Wednesday, 02/13/2013 6:19:20 PM

Wednesday, February 13, 2013 6:19:20 PM

Post# of 68548
I think it may make some kind of sense......as I understand your theory, Asher may lend ECOS X% of the value of the company and the following could have happened:

The PPS and thereby the value of the entire company got below the limit to which Asher (or who it is) may lend the money, and therefore to get back below the limit of what the company owns Asher, Asher had to get some money return to lower the amount lent to the company.......and if the company cannot pay, the shareholders will. E.g. a thought example could be that Asher can only lend up to 10% of the company value. They therefore lend 200.000 USD to ECOS and this was no problem as long as the share price is 0.0036 or above, giving the company a total value of minimum 2,000,000 USD. As a guarantee for their loan, they may have gotten 1000 shares per USD lent. Now the PPS drops below 0.0036, e.g. 0.0030 and suddently Asher has lent ECOS above the limit, i.e. in my though example they would have lent ECOS 12% of the value of the company and therefore needs to sell a part of their shares to lower the loan from the 200,000 USD to 166.500 USD, which would be 10% of the company value at 0.0030. To get 33.500 USD, they would have to sell 33,500,000 shares, if they could get 0.0030 for the shares, but when dumping 33.5 mio shares onto the market, the stock goes further down and they will have to add more shares to cover the lower and lower dept they are allowed to have in the company. This would create a death spiral as they would have to pump more and more stocks into the market to cover their business and they would be able to do this without loosing money until their limit price, i.e. the number of shares they got as guarantee for their loan which in the though example would be 0.001 USD/share (1000 shares per 1 USD lent).

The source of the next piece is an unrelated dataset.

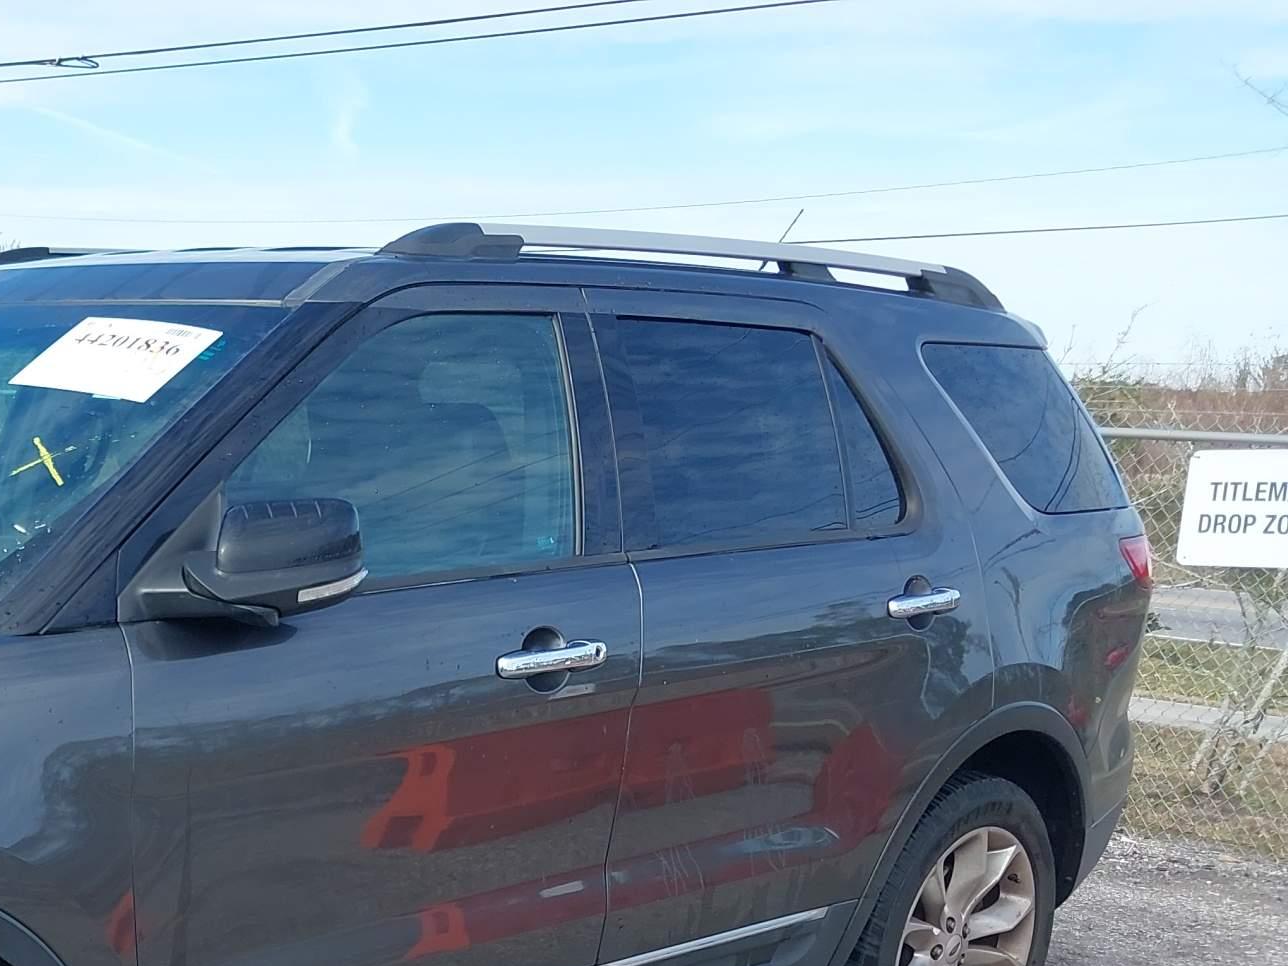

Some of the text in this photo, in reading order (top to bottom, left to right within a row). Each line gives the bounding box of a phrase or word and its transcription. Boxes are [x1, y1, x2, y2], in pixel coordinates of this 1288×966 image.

[74, 332, 181, 356] 44201836
[1210, 481, 1288, 502] TITLEM
[1198, 513, 1288, 535] DROP ZO

Or an alternative approach which would give the same result could be if ECOS needed some money to finalise some of the studies and had to lend these from Asher as it probably is not easy to find capital in todays market. Due to the limit in lending, ECOS (and thereby the share holders) would have to pay of a part of the debt first before the new loan can be released and the only way to do this is by selling the shares in the market. When this has been covered, Asher will stop selling the shares and life as we know it can go on.

These were my thoughts on how it works.....maybe worth 15 shares? ;)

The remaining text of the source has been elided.